¹⁹ Department of Molecular Physiology and Biophysics, Vanderbilt University, Nashville, TN 37232, United States

²⁰ Department of Molecular Physiology and Biophysics, Vanderbilt University, Nashville, TN 37232, United States

²¹ Department of Molecular Physiology and Biophysics, Vanderbilt University, Nashville, TN 37232, United States

²² Department of Biological Sciences, Winston-Salem State University, Winston-Salem, NC 27110, United States

²³ Shuler Consulting, Winston-Salem, NC 27110, United States

²⁴ Department of Molecular Physiology and Biophysics, Vanderbilt University, Nashville, TN 37232, United States

²⁵ Teachers College, Columbia University, New York, NY 10027, United States

²⁶ Department of Biological Sciences, University of Southern California, Los Angeles, CA 90007, United States

²⁷ Department of Biomedical Science, Kaiser Permanente Bernard J. Tyson School of Medicine, Pasadena, CA 91007, United States

²⁸ Department of Molecular Physiology and Biophysics, Vanderbilt University, Nashville, TN 37232, United States

^✉

Corresponding author: Department of Molecular Physiology and Biophysics, 750 Robinson Research Building, 2200 Pierce Ave, Nashville, TN 37232-0615, USA. Tel: 319-383-3095; E-mail: antentor.o.hinton.jr@vanderbilt.edu.

^✉

Corresponding author: Department of Biological Sciences, Los Angeles, CA 91007, USA. E-mail: mortond@usc.edu.

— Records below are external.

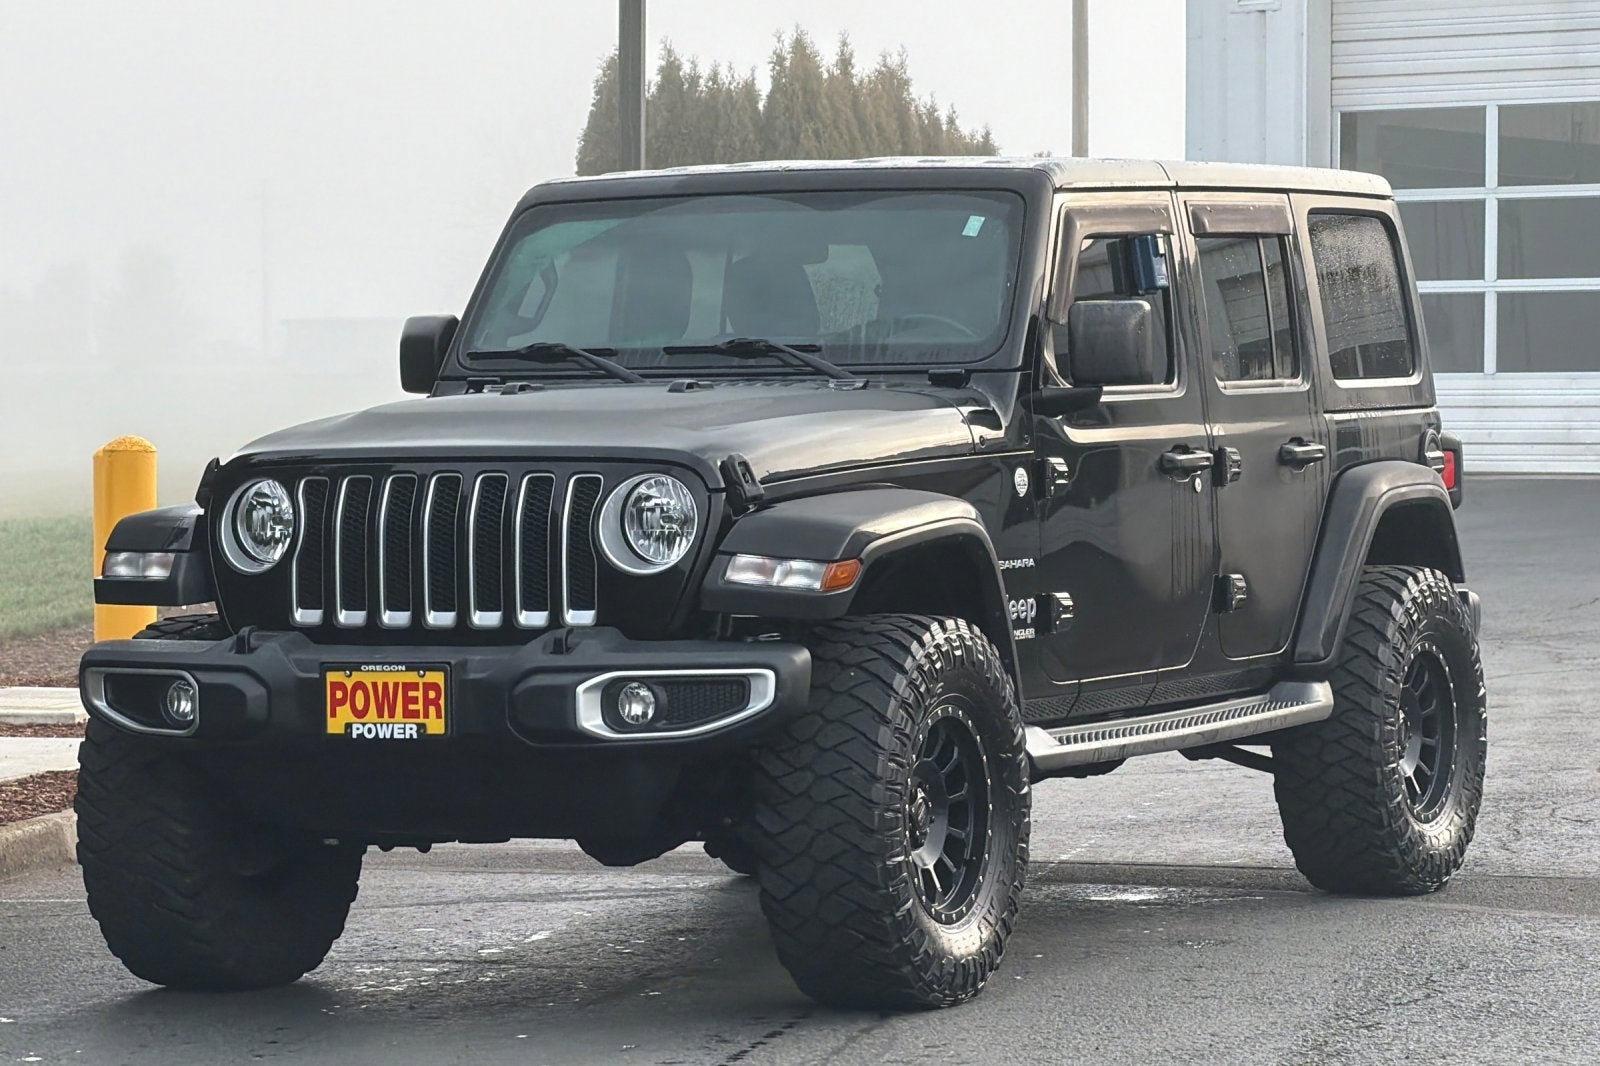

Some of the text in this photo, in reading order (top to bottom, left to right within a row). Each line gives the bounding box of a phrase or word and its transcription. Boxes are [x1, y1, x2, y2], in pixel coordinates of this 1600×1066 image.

[998, 558, 1036, 570] SAHARA
[1008, 598, 1037, 624] eep
[1013, 628, 1036, 636] NGLER
[329, 681, 443, 720] POWER
[351, 723, 418, 739] POWER

These authors share co-first authorship.

⁴

These authors share co-senior authorship.

PMCID: PMC9302695 PMID: 35713493

Abstract

The success of mentoring derives from active and respectful listening and the willingness to learn and accept opportunities for personal growth. This shapes every trainee and their destined path in science, technology, engineering, and mathematics (STEM). The act of cultivating rapport, asking, and pondering meaningful questions, and receiving constructive feedback are critical to support a productive mentoring relationship. Successful mentoring in STEM can be established and allow mentees, especially underrepresented minorities (URMs), to flourish in an environment where they feel welcomed and supported. However, mentees from underrepresented groups often experience inadequate mentoring due to a mentor's lack of awareness, poor trainings themselves, or lack of understanding of the mentee’s hardships. It is important for mentors and mentees to work together to promote diversity, equity, and inclusion (DEI) in STEM education through creativity, authenticity, and networking. We analyzed data obtained from students who attended a recent workshop that are interested in going to graduate school. Our results show that despite low initial expectations for the workshop, many students were satisfied in the knowledge they gleaned. The future and role of diversity in STEM within these underrepresented groups lies in community support and an important role that they can play in the lives of others through DEI initiatives and throughout their careers all of which involves positive mentoring.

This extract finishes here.